- [EXERCISE REQUIREMENTS] From the line with "Some of the text" through the last line of the records below, both ends included, transcribe only those lines, exactly, and omit the pictures.

- [SOURCE DATA]

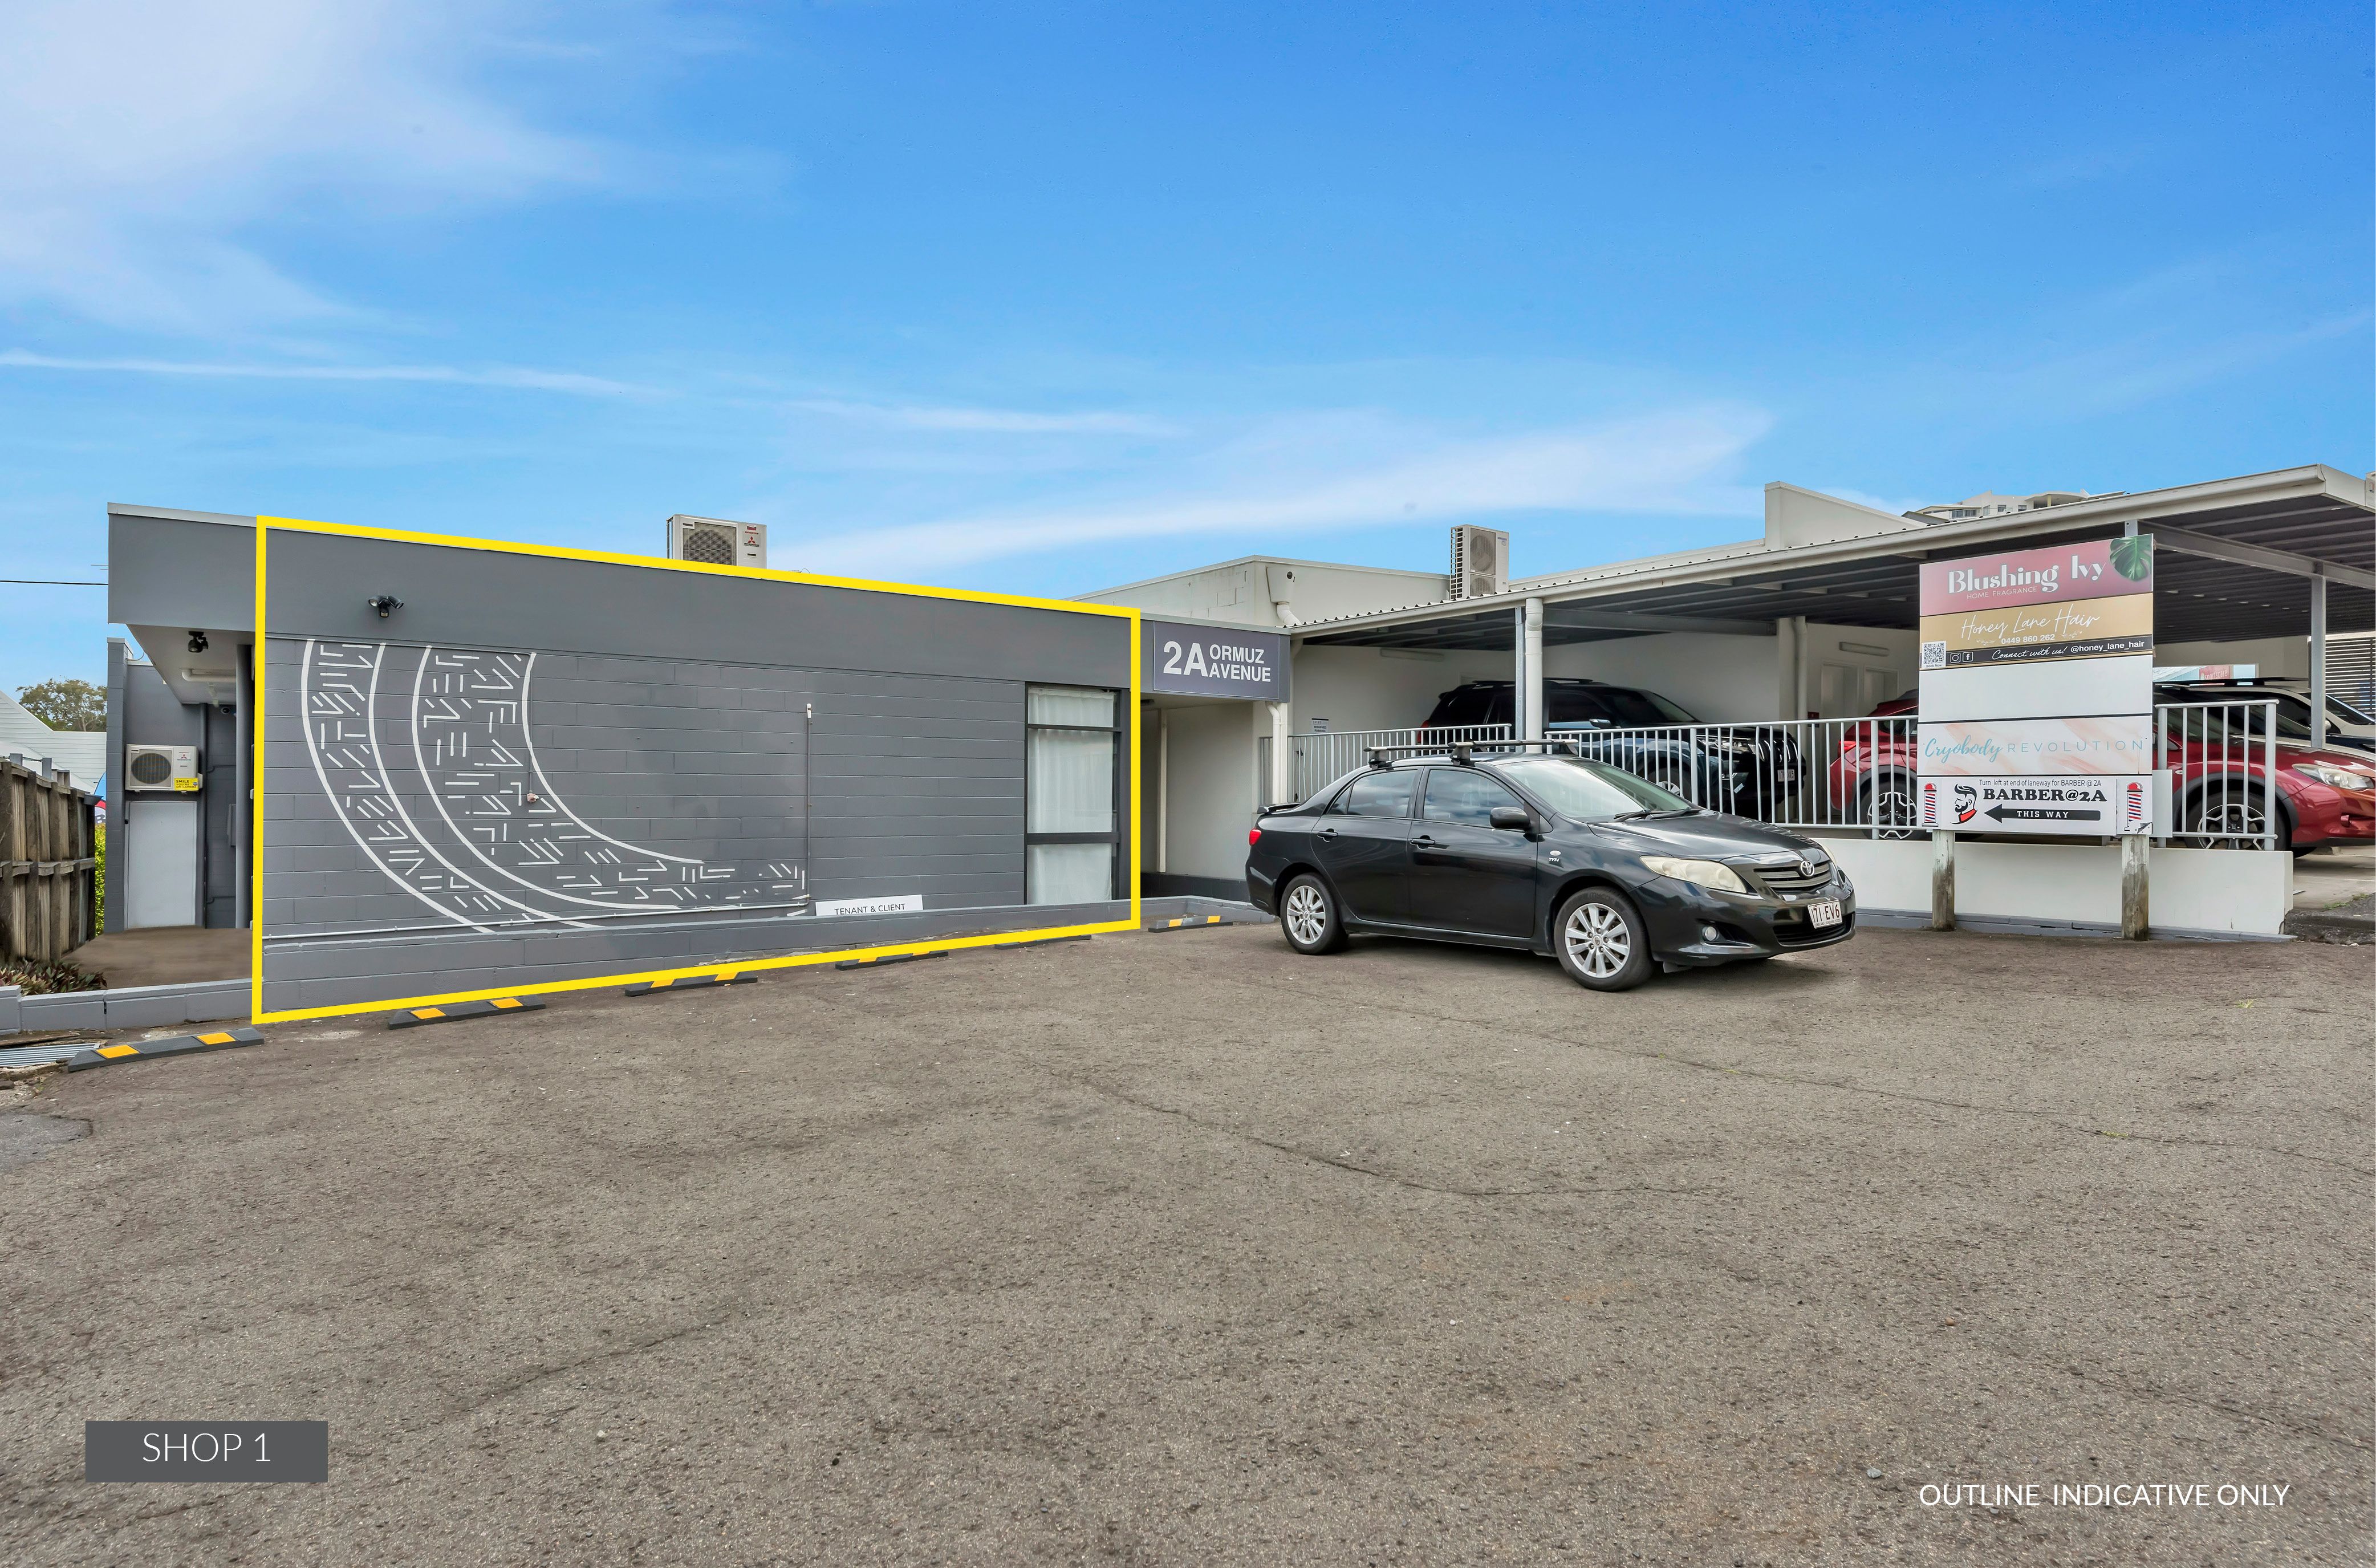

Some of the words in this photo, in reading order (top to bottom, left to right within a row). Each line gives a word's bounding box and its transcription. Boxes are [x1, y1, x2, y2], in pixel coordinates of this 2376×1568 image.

[1949, 564, 2060, 592] Blushing
[2072, 555, 2106, 580] Ivy
[1993, 586, 2037, 596] FRAGRANCE
[1961, 615, 2009, 640] Honey
[2013, 611, 2051, 633] Lane
[2054, 603, 2101, 634] Hair
[1163, 641, 1208, 677] 2A
[1209, 644, 1264, 664] ORMUZ
[1992, 649, 2027, 660] Connect
[2029, 647, 2050, 657] with
[2070, 640, 2145, 653] @honey_lane_hair
[1209, 663, 1271, 682] AVENUE
[1924, 735, 2004, 763] Cryobody
[2008, 740, 2143, 753] REVOLUTION
[1983, 789, 2107, 802] BARBER@2A
[835, 906, 868, 915] TENANT
[878, 903, 905, 912] CLIENT
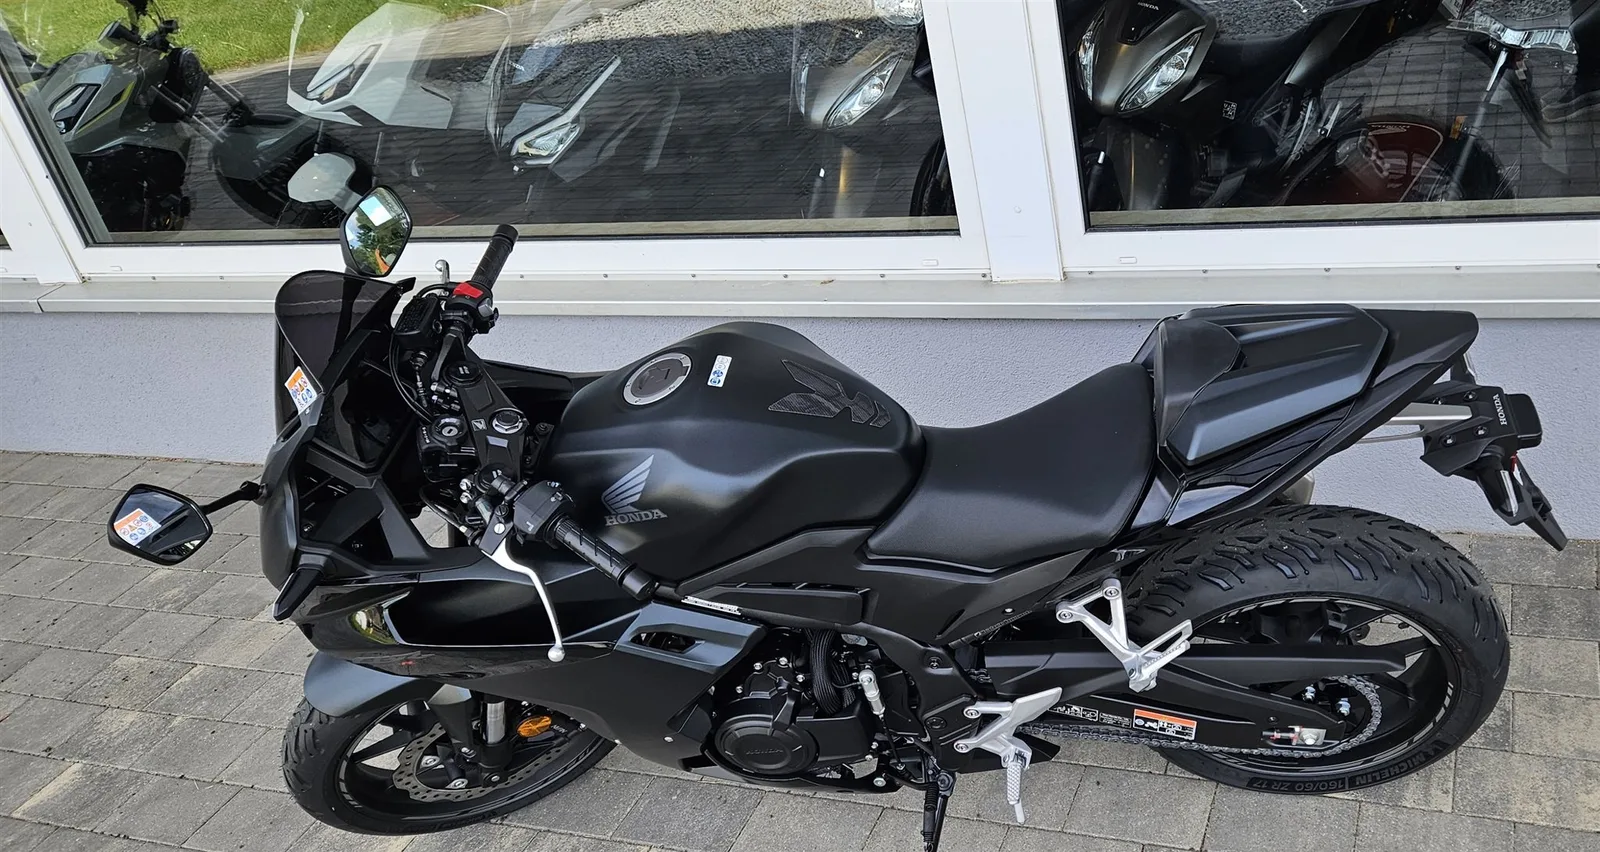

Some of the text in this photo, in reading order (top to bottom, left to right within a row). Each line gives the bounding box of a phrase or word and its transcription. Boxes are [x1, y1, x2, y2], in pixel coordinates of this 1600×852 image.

[1493, 393, 1507, 425] HONDA
[604, 508, 668, 526] HONDA
[1252, 752, 1426, 791] MICHELIN 160/60 ZR 17
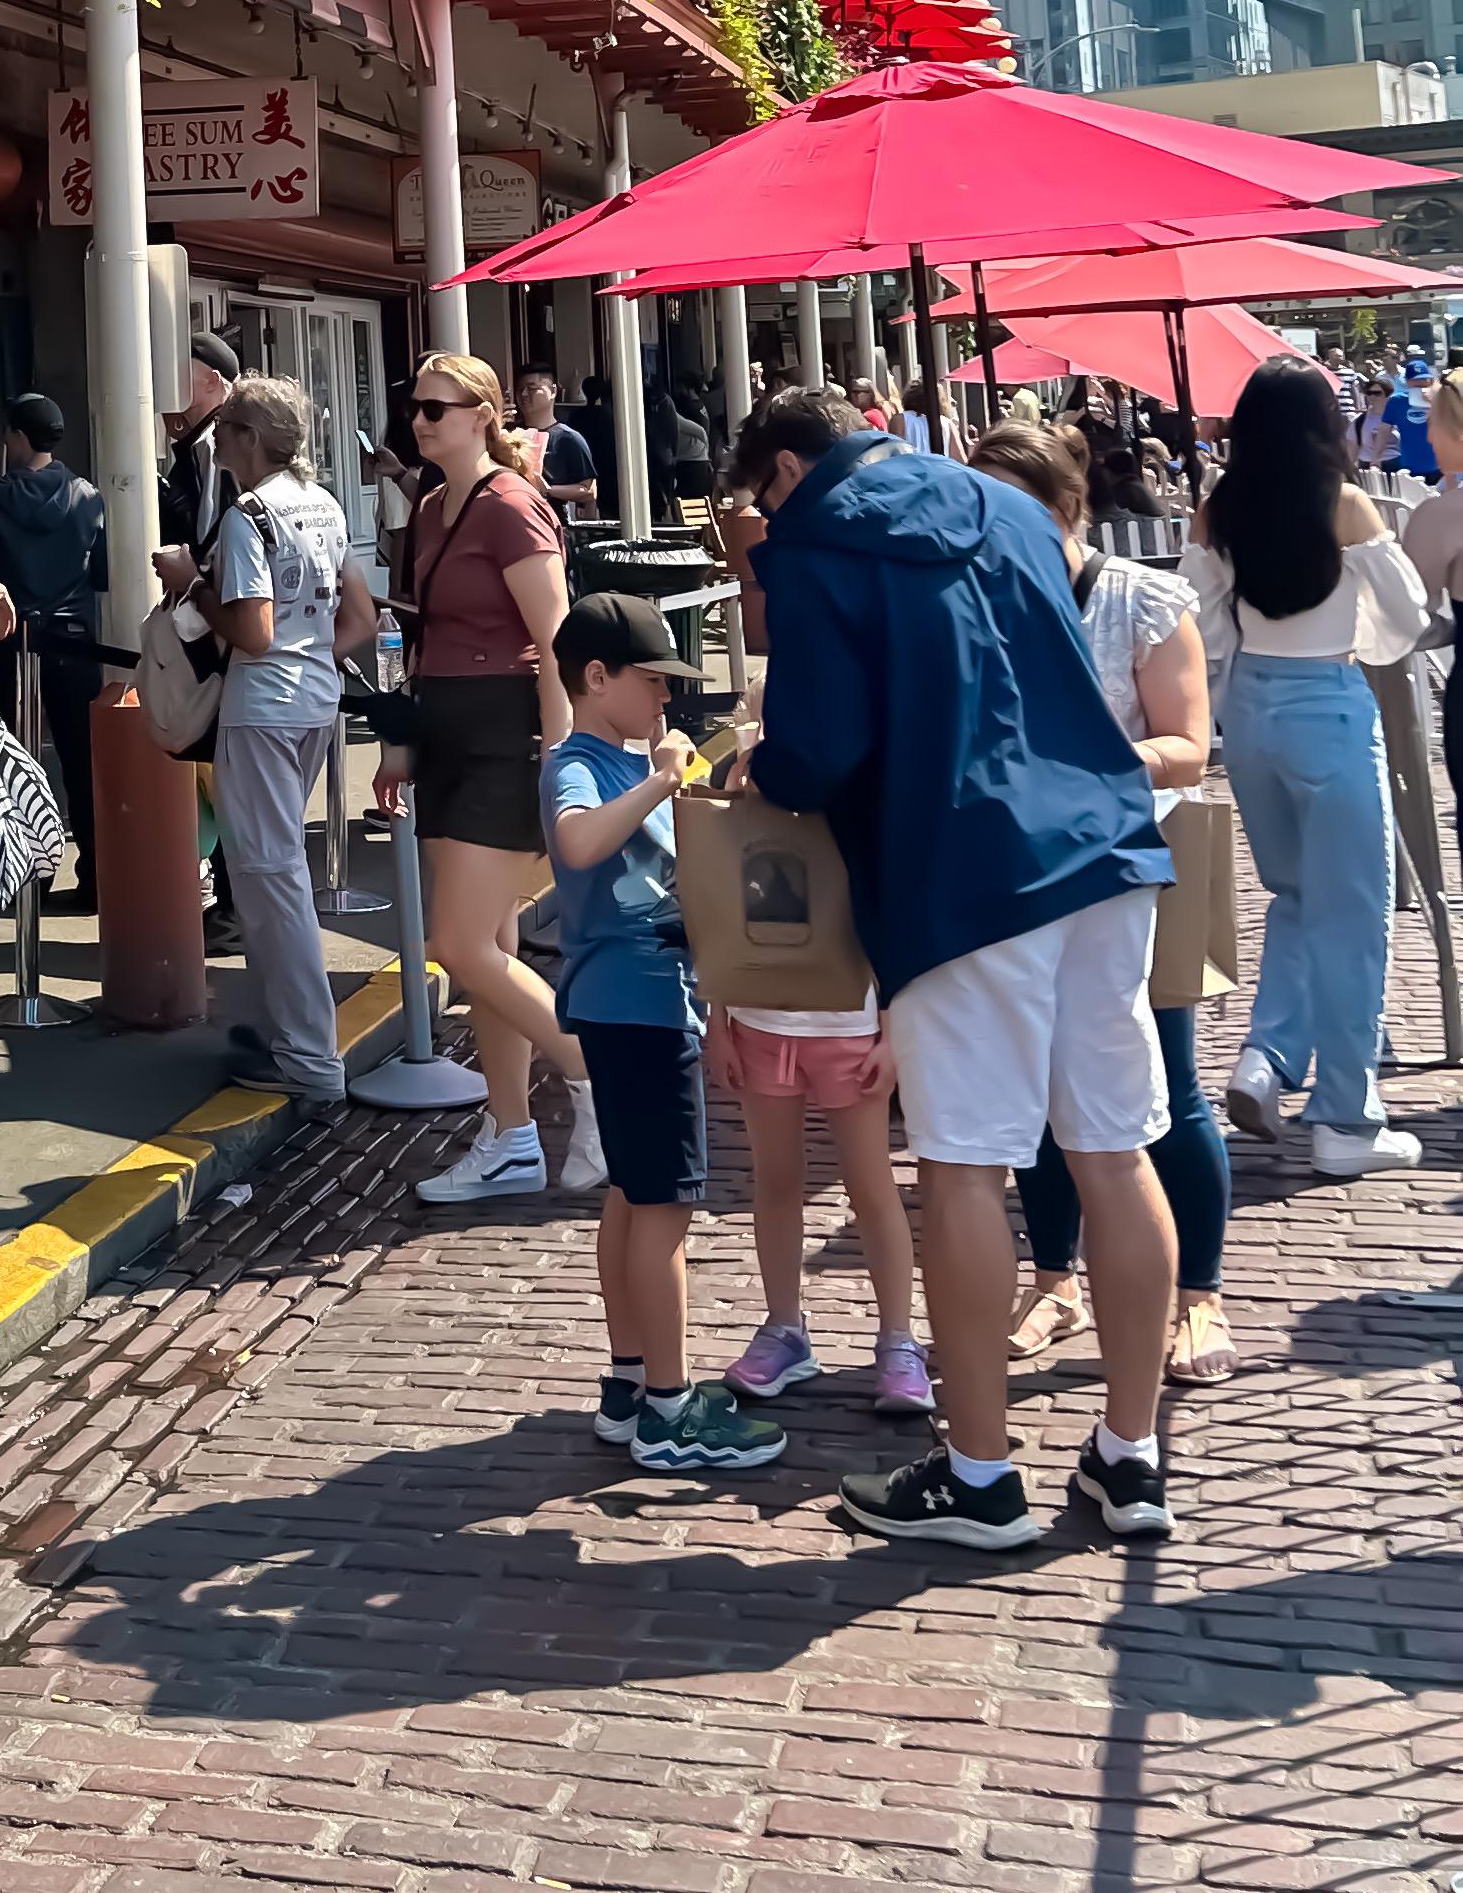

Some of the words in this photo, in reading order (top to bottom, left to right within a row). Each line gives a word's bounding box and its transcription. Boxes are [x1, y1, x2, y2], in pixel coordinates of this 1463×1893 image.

- [REPLY TO THE TASK]
Some of the text in this photo, in reading order (top to bottom, left to right within a row). Each line gives the bounding box of a phrase or word and its transcription. Boxes are [x1, y1, x2, y2], in pixel coordinates of this 1600×852 image.

[1493, 393, 1507, 425] HONDA
[604, 508, 668, 526] HONDA
[1252, 752, 1426, 791] MICHELIN 160/60 ZR 17

Some of the words in this photo, in reading order (top to bottom, left to right within a row). Each line gives a word's bounding box and its transcription. Boxes are [x1, y1, x2, y2], in pixel coordinates of this 1463×1893 image.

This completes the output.